Oniverse archivia il 2025 a 3,7 miliardi di fatturato, l’export vola al 62%
Articolo Precedente
Articolo Successivo
Redazione Economia
-
Il gruppo fondato da Sandro Veronesi, che ha cambiato qualche anno fa la propria ragione sociale da Calzedonia a Oniverse per meglio rappresentare una realtà ormai multiforme e diversificata, ha chiuso l’esercizio 2025 con ricavi consolidati pari a 3,7 miliardi di euro. Si tratta di un incremento del 4,8% a cambi correnti, e del 5,1% una volta neutralizzato l’effetto delle oscillazioni valutarie, rispetto ai 3,5 miliardi registrati al 31 dicembre dell’anno precedente. La crescita, secondo quanto si apprende da una nota diffusa dalla società veneta, è stata trainata in larga parte dalle performance oltre confine: il fatturato generato all’estero ha infatti raggiunto i 2,3 miliardi di euro, arrivando a coprire circa il 62% del giro d’affari complessivo. Un risultato, quest’ultimo, che testimonia la sempre più marcata vocazione internazionale di un’azienda nata attorno al concetto di calzetteria e oggi espansa in settori che spaziano dalla moda al lusso, dall’enogastronomia alla nautica.

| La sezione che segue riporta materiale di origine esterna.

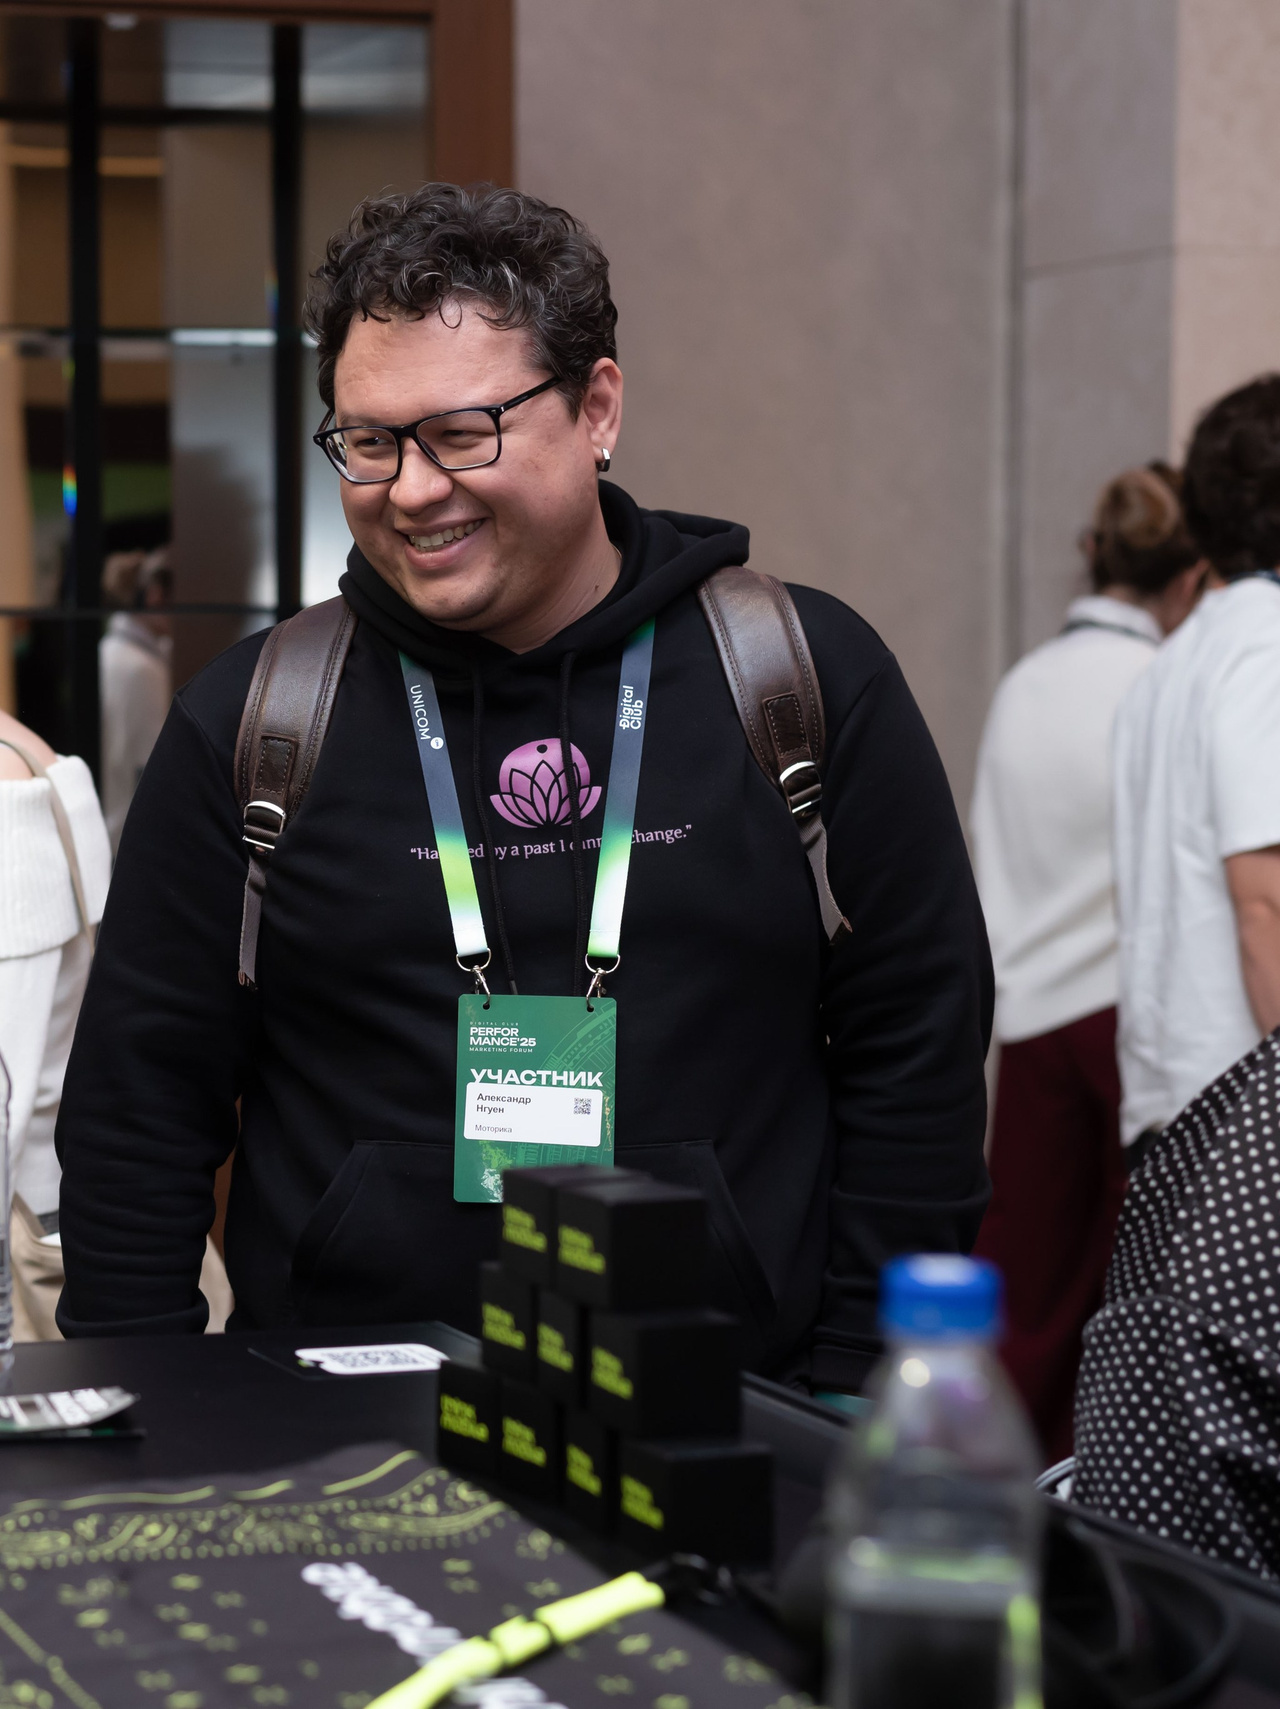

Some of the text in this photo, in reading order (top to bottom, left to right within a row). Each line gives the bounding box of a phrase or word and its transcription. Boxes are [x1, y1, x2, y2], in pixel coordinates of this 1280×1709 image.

Parallelamente alla crescita del fatturato, il gruppo ha mantenuto un ritmo sostenuto negli investimenti, che nell’arco dei dodici mesi hanno superato i 350 milioni di euro. Risorse che sono state ripartite, viene specificato, trasversalmente in tutti gli ambiti di attività: dalla rete retail alla logistica, passando per l’innovazione di prodotto e di processo. Un impegno finanziario che riflette la strategia di consolidamento e sviluppo perseguita dalla holding, la quale al termine del 2025 poteva contare su una rete vendita complessiva di 5.538 punti vendita dislocati in 59 Paesi. Di questi, 3.650 si trovano all’estero, con particolare dinamismo nelle aperture in Messico, negli Stati Uniti e in Turchia, mentre i rimanenti 1.888 restano sul territorio italiano a presidiare un mercato domestico che continua a rappresentare una base solida e strategica.
La moda, il vino e le barche: la strategia della diversificazione
Al di là del core business storico rappresentato da marchi come Calzedonia, Intimissimi (e la sua declinazione maschile Iuman), Tezenis, Falconeri, Atelier Emé e Antonio Marras, il gruppo ha proseguito nel suo percorso di diversificazione anche in altri comparti del made in Italy. Nel settore enogastronomico, dove opera con la catola Signorvino — che unisce l’enoteca alla ristorazione leggera — e con il progetto Oniwines, il 2025 è stato caratterizzato dall’acquisizione della cantina piemontese Pico Maccario, realtà radicata a Mombaruzzo, nell’Astigiano. Un’operazione che va a rafforzare la presenza del gruppo nel panorama vinicolo del Monferrato. Nello stesso anno è stata inoltre inaugurata la cantina Ert1050, situata all’interno del Parco del Monte Baldo e dedicata alla produzione di Trentodoc, a testimonianza di un interesse che spazia dalla promozione del vino alla produzione in vigna.
Non meno significativi gli sviluppi nel comparto nautico, presidiato attraverso il Cantiere del Pardo, specializzato nella realizzazione di yacht a vela e a motore di fascia premium. Nel corso dell’esercizio sono stati infatti completati i progetti per la realizzazione di un nuovo stabilimento produttivo a Forlì e di un hub logistico e produttivo con affaccio diretto sul mare a Marina di Ravenna. Investimenti, questi, che confermano la volontà del gruppo di operare in settori tra loro distanti ma accomunati da una forte connotazione stilistica e da un posizionamento qualitativo riconoscibile. L’insieme di queste attività, dal retail tradizionale alla produzione diretta, passando per la ristorazione e la cantieristica, ha quindi contribuito a disegnare il profilo di un gruppo che, sotto la guida di Veronesi, continua a incrementare la propria massa critica e la propria penetrazione sui mercati, forti di una struttura finanziaria solida e di una visione imprenditoriale di lungo periodo.